Durante la riunione del Consiglio economico eurasiatico, ospitato dal presidente russo Vladimir Putin, i due leader hanno confermato di essere pronti a normalizzare le relazioni sulla base del «riconoscimento reciproco dell’integrità territoriale», nelle parole sia di Aliyev che di Pashinyan.

 

Il presidente della Federazione Russa Putin si è detto «molto contento» che le due ex repubbliche sovietiche sembrino aver raggiunto un accordo, «anche sulle vie di comunicazione e i trasporti». Questo sembrava essere un riferimento all’accesso dell’Azerbaigian al territorio di Nakhichevan, situato tra Armenia e Turchia.

 

Pashinyan ha convenuto che i due Paesi stavano «facendo buoni progressi nella definizione delle nostre relazioni» sulla base del riconoscimento reciproco, ma si è opposto all’uso da parte di Aliyev dell’espressione «corridoio di Zangerzur», affermando che ciò potrebbe essere considerato come una rivendicazione sul territorio armeno.

 

La tregua del Nagorno-Karabakh del novembre 2020 «parla di un solo corridoio, Lachin, che deve essere sotto il controllo delle forze di pace russe ma che purtroppo è stato illegalmente bloccato dall’Azerbaigian», ha detto Pashinyan. «Tuttavia, desidero confermare la disponibilità dell’Armenia a sbloccare tutti i collegamenti di trasporto ed economici e le strade che attraversano il territorio armeno».

 

«La parola “corridoio” non è un’invasione del territorio di qualcuno», ha risposto Aliyev, insistendo sul fatto che bisognerebbe «sforzarsi molto o avere un’immaginazione molto ricca» per interpretare la sua formulazione come aspirazioni territoriali, che l’Azerbaigian non ha.

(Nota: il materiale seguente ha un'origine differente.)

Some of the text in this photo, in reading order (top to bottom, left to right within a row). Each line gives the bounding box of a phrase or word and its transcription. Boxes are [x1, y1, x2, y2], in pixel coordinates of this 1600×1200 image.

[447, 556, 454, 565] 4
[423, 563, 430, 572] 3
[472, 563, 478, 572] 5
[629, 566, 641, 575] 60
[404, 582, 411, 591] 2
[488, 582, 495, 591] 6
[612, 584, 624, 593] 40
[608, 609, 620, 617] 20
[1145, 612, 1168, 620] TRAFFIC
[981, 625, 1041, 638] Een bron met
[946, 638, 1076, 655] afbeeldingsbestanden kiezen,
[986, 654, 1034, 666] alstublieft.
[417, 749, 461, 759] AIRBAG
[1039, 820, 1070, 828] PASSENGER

Il fatto che l’Armenia abbia «ufficialmente riconosciuto il Karabakh come parte dell’Azerbaigian» è una grande opportunità per raggiungere un accordo di pace, ha aggiunto.

 

Il Nagorno-Karabakh era una regione autonoma all’interno dell’Azerbaigian sovietico, ma con una popolazione a maggioranza etnica armena, che si staccò dall’Azerbaijan ancor prima che Baku dichiarasse l’indipendenza dall’URSS, innescando un conflitto etnico che causò migliaia di vittime prima che fosse congelato da una tregua del 1994.

 

La più recente esplosione degli scontri, nel 2020, ha portato le truppe azere ad avanzare per tagliare la strada principale tra il Karabakh e l’Armenia vera e propria. La Russia è intervenuta per mediare un cessate il fuoco, che da allora ha per lo più tenuto.

 

Pashinyan ha segnalato che l’Armenia era disposta a cedere il Karabakh prima dell’incontro di Mosca, ma ha detto che avrebbe cercato garanzie internazionali per i restanti armeni etnici presenti sul territorio.

 

Il primo ministro armeno aveva anche affermato che Yerevean potrebbe prendere in considerazione l’idea di lasciare l’Organizzazione del trattato di sicurezza collettiva (CSTO), suggerendo che il blocco militare guidato dalla Russia non è riuscito a proteggere l’Armenia.

 

Pashinyan ha assunto questa linea politica dalla visita del settembre 2022 a Yerevan di Nancy Pelosi, all’epoca presidente della Camera dei rappresentanti degli Stati Uniti. Secondo alcune analisi, vi sarebbe un preciso piano di destabilizzazione del Caucaso meridionale da parte degli USA, con coinvolto in particolare il consigliere della sicurezza nazionale USA Jake Sullivan.

 

Come riportato da Renovatio 21, la Turchia è profondamente implicata al conflitto azero-armeno, schierando uomini e mezzi contro il popolo armeno, del cui genocidio a inizio Novecento è ancora accusata. Vi sono state tre anni fa accuse ad Ankara di inviare nel Nagorno migliaia di jihadisti, con tanto di prove video diffuse dagli armeni.

 

Lo stesso clan Erdogan parrebbe economicamente investito nel conflitto del Nagorno Karabakh. Si è ulteriormente ipotizzato che dietro alla sfacciata partecipazione della Turchia vi potesse essere anche una oscura pressione della NATO.

 

Le incursioni, anche di estrema violenza, che Baku ha effettuato sul territorio degli armeni etnici iniziarono casualmente nelle ore in cui uscivano i Panama Papers, che mostravano i traffici all’estero della famiglia presidenziale degli Aliyev.

 

L’Azerbaijian, stato fornitore di gas all’Europa tramite il controverso gasdotto TAP,  è stato altresì accusato di aver corrotto alcuni membri del Consiglio d’Europa al fine di mitigare le polemiche sui diritti umani nel Paese – si tratta dello scandalo chiamato Caviar Diplomacy, la «diplomazia del caviale», che ha coinvolto anche l’Italia.

 

Tra esercitazioni militari massive e proclami, l’Azerbaijian continua ad avere tensioni con il vicino iraniano, forte alleato di Mosca.

 

L’aggressione dell’Armenia da parte dell’Azerbaijian del gas si è consumata in tutti questi mesi in quello che è stato definito un «silenzio assordante».

 

 

 

 

Immagini di President of Russia pubblicata su licenza Creative Commons Attribution 4.0 International (CC BY 4.0)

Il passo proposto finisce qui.